Work to be completed ▸ Every line from the one with "Some of the words" through the final line of the entries below should be returned exactly; leave out all other lines.
************
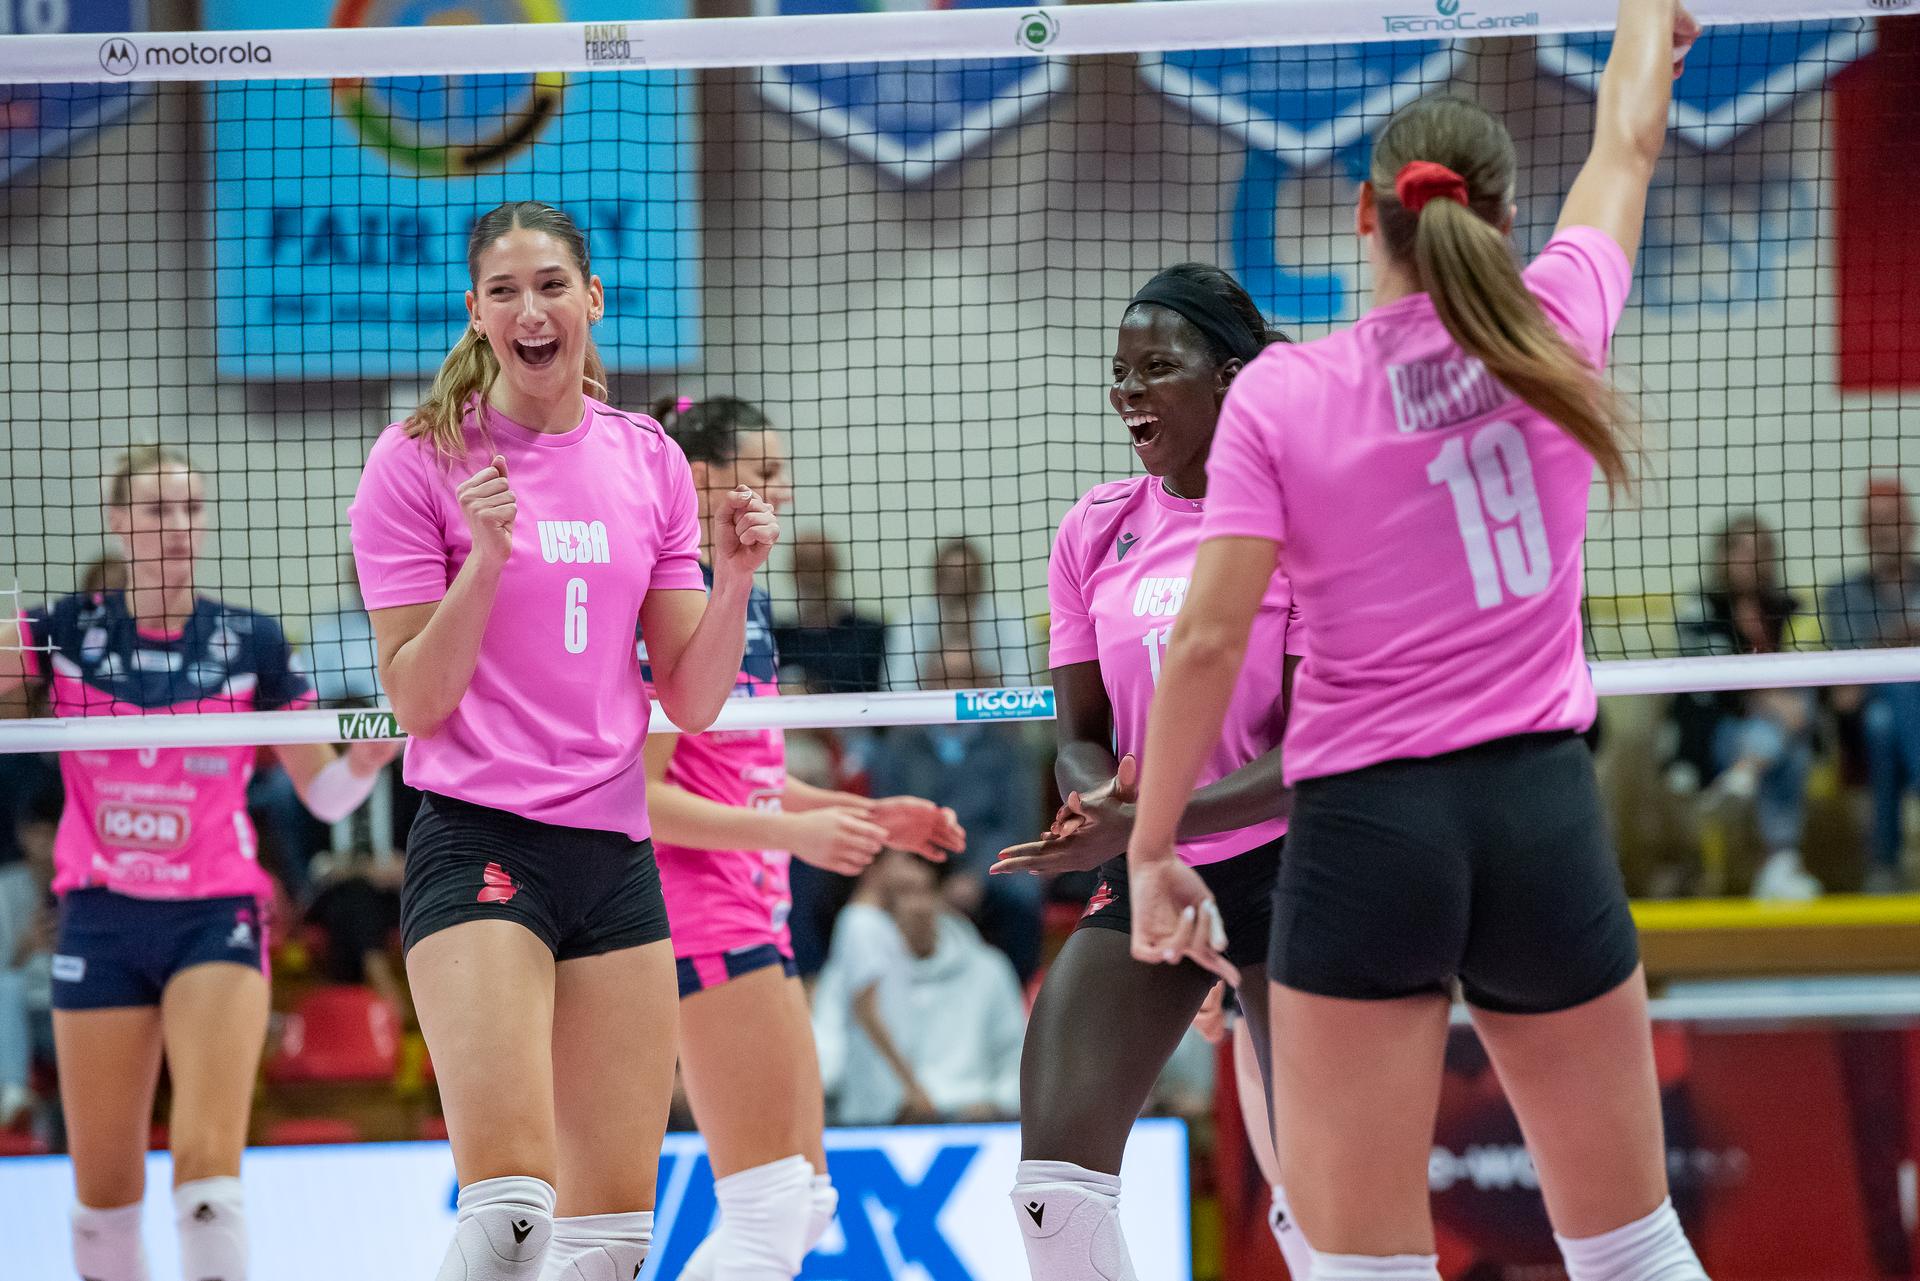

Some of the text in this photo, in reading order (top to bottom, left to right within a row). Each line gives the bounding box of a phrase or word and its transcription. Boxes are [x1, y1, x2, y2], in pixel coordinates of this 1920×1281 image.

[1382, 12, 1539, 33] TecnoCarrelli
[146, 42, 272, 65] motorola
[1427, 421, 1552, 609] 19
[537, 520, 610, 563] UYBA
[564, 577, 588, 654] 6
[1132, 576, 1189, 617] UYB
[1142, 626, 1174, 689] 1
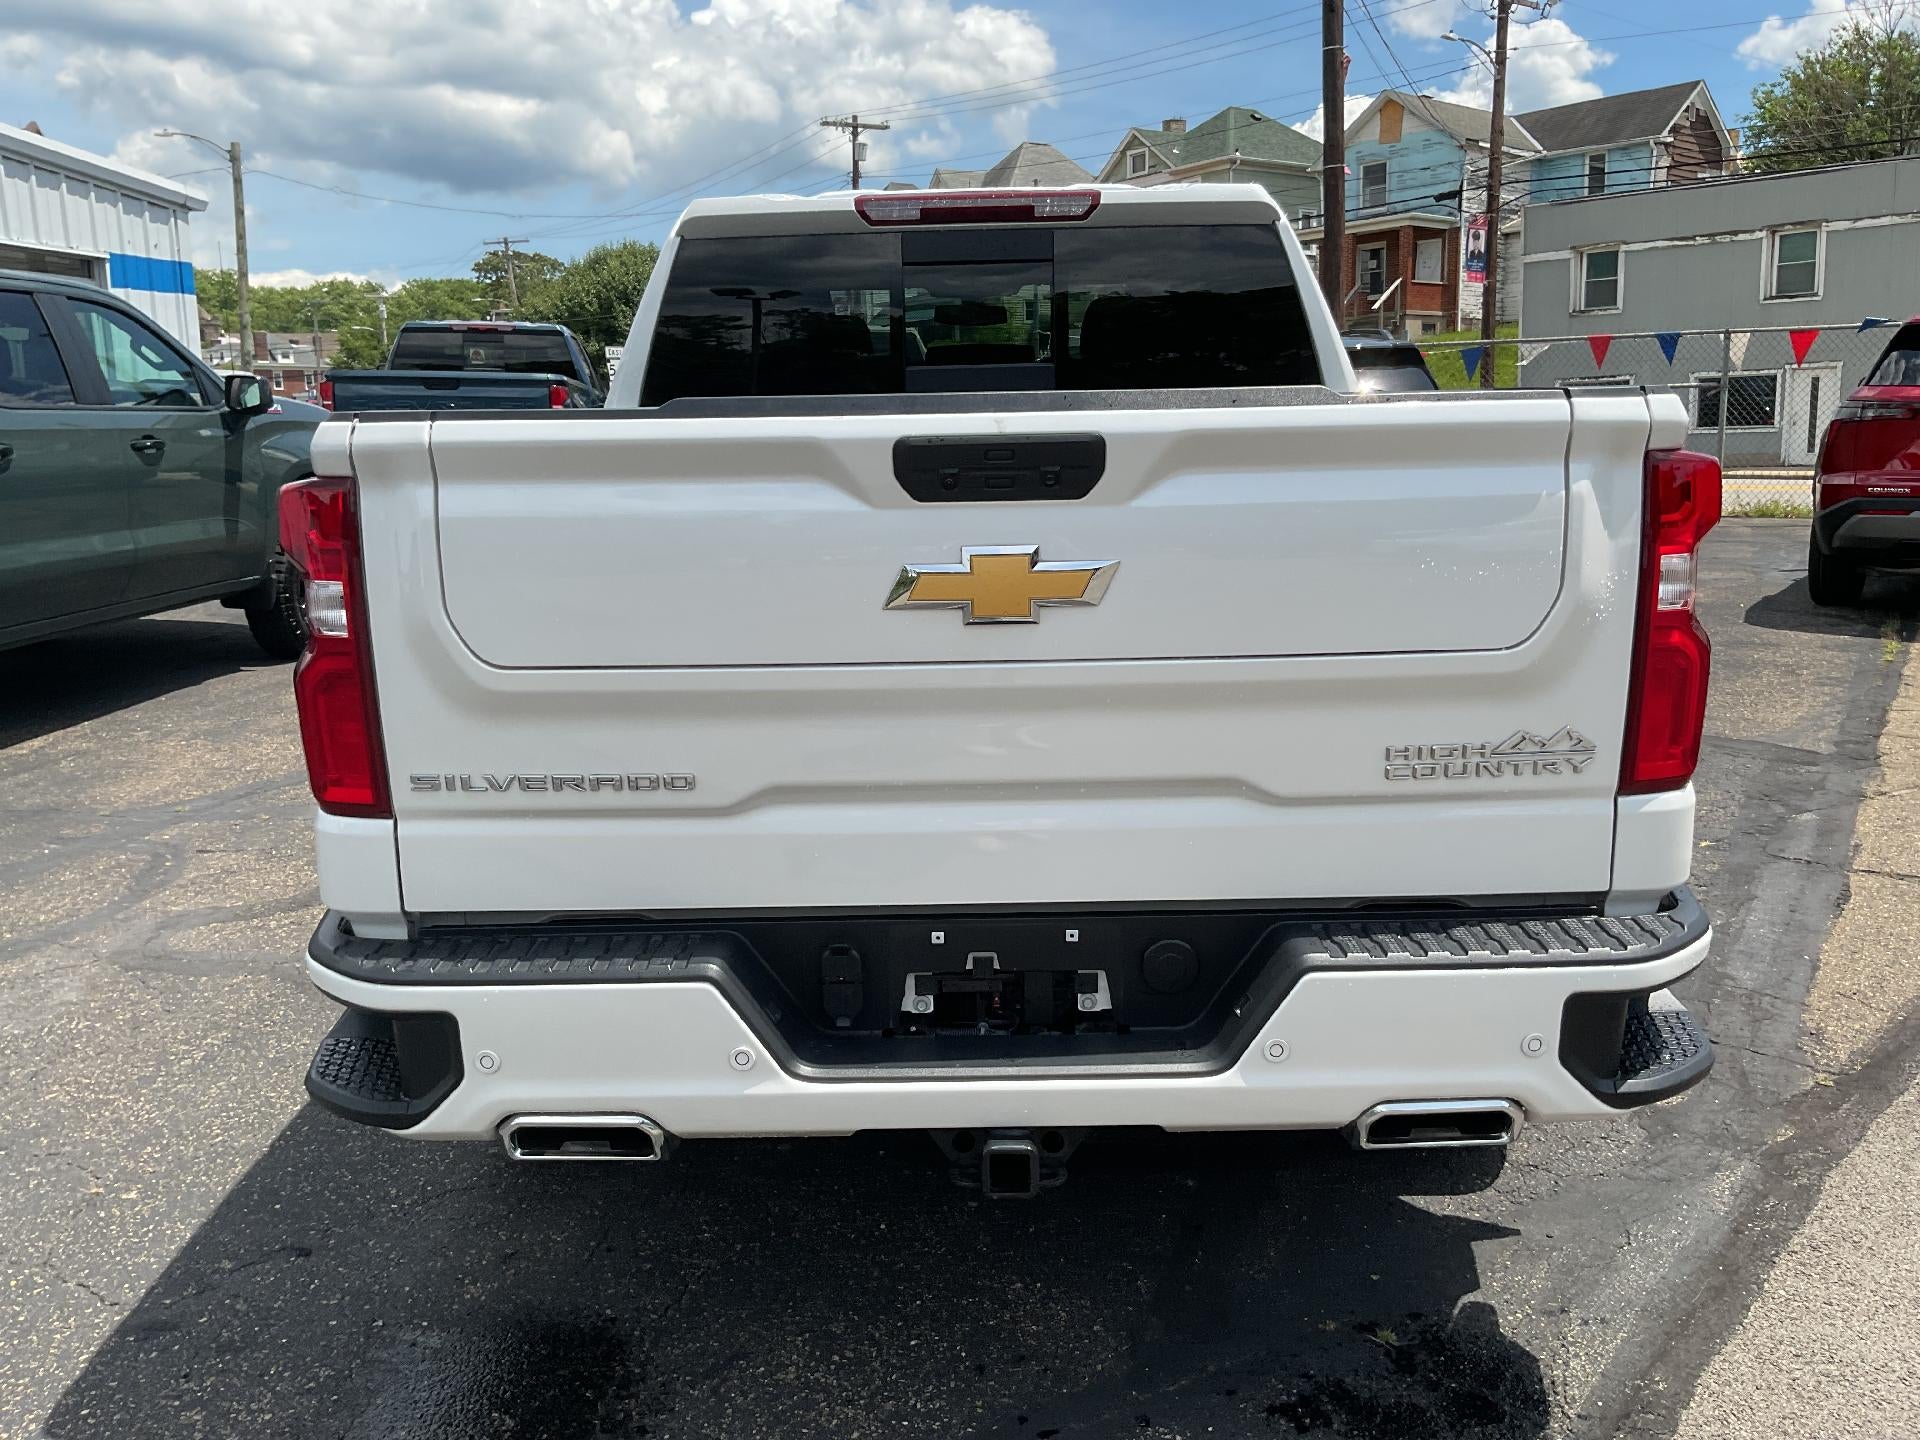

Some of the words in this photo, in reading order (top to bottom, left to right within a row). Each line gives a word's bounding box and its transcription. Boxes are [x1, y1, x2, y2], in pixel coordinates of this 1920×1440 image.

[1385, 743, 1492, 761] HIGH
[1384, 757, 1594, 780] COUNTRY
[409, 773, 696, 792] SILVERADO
************
Solution to this task ▸
Some of the words in this photo, in reading order (top to bottom, left to right within a row). Each line gives a word's bounding box and its transcription. Boxes are [x1, y1, x2, y2], in pixel coordinates of this 1920×1440 image.

[1385, 743, 1492, 761] HIGH
[1384, 757, 1594, 780] COUNTRY
[409, 773, 696, 792] SILVERADO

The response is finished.